An Unfair Game

In every round, the probability of earning one dollar is $\frac{2}{6} = \frac{1}{3}$ , and the probability of losing one dollar is $\frac{4}{6} = \frac{2}{3}$ . In the first round you have $2$ dollars. If you win, you will have $3$ dollars and the game ends inmediately. If you lose, you will have $1$ dollar, and you will be forced to win the next round, or you will end with no dollars. If you win the next round, you will have $2$ dollars again, and as each dice roll is independent, your probability of ending with $3$ dollars at this point will be the same it was at the start of the game. Let $P$ be the probability of ending the game having three dollars. $P$ can be expressed as: $P = \frac{1}{3} + \frac{2}{3} \cdot \frac{1}{3}P \\ P - \frac{2}{9}P = \frac{1}{3} \\ P = \frac{{1/3}}{{1 - 2/9}} \\ P = \frac{3}{7}$ Then $a=3$ and $b=7$ . Therefore, the answer is: $a^b = 3^7 = \boxed{2187}$ Another way of solving this problem is calculating the sum of the probabilities of all the possible ways of ending up with $3$ dollars. The most obvious way is winning the first round. Another way is losing in the first round and then winning twice (after losing it is necessary to win the next round). In general, all the ways are of the form lose-win-lose-win-lose- ... -win-lose-win-win.
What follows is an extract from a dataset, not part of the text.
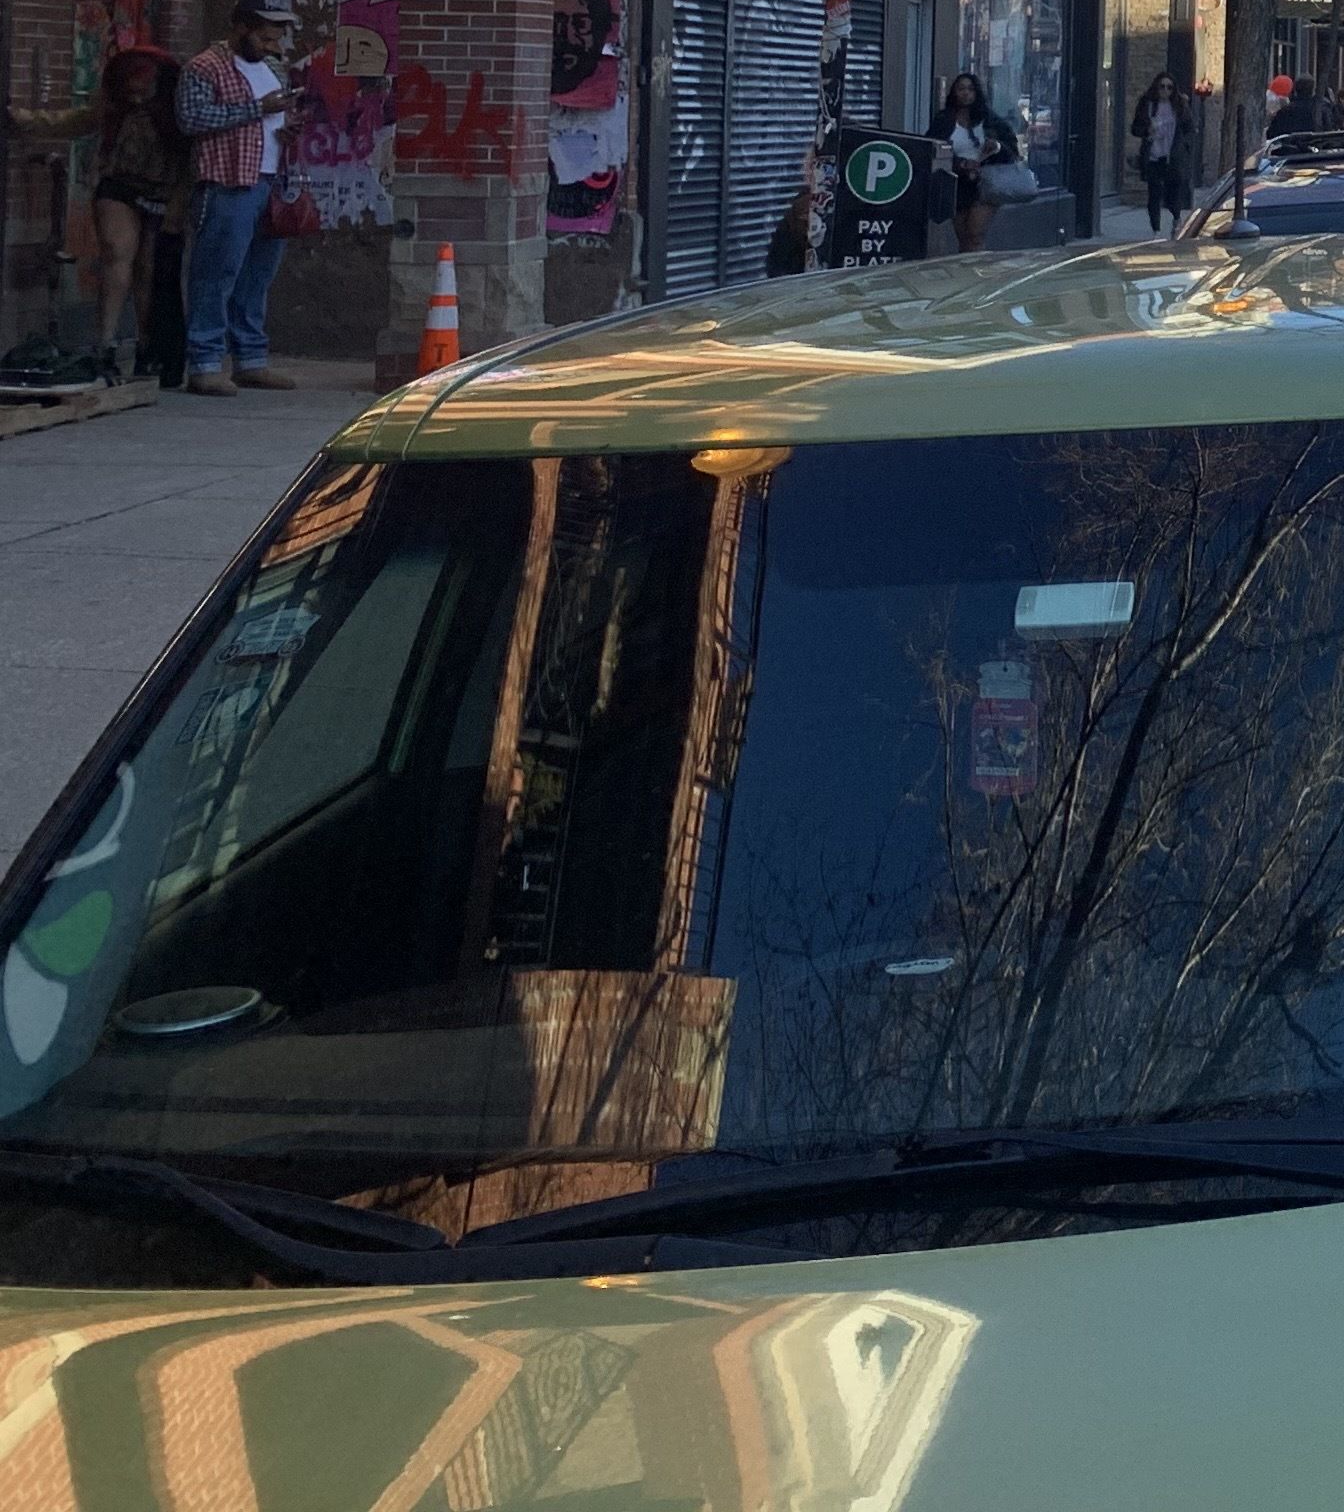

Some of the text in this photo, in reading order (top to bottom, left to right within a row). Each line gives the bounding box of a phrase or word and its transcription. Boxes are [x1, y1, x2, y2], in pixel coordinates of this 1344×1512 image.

[865, 151, 897, 192] P
[858, 220, 894, 234] PAY
[861, 238, 885, 252] BY
The sum of probabilities is then: $P = \frac{1}{3} + \left( {\frac{2}{3} \cdot \frac{1}{3}} \right)\frac{1}{3} + \left( {\frac{2}{3} \cdot \frac{1}{3}} \right) \cdot \left( {\frac{2}{3} \cdot \frac{1}{3}} \right)\frac{1}{3} + \ldots \\ P = \frac{1}{3} + \left( {\frac{2}{9}} \right)\frac{1}{3} + \left( {\frac{2}{9}} \right)^2 \frac{1}{3} + \ldots \\ P = \frac{1}{3}\sum\limits_{k = 0}^\infty {\left( {\frac{2}{9}} \right)^k } \\ P = \frac{1}{3} \cdot \frac{9}{7} = \frac{3}{7}$ And the rest of the problem follows.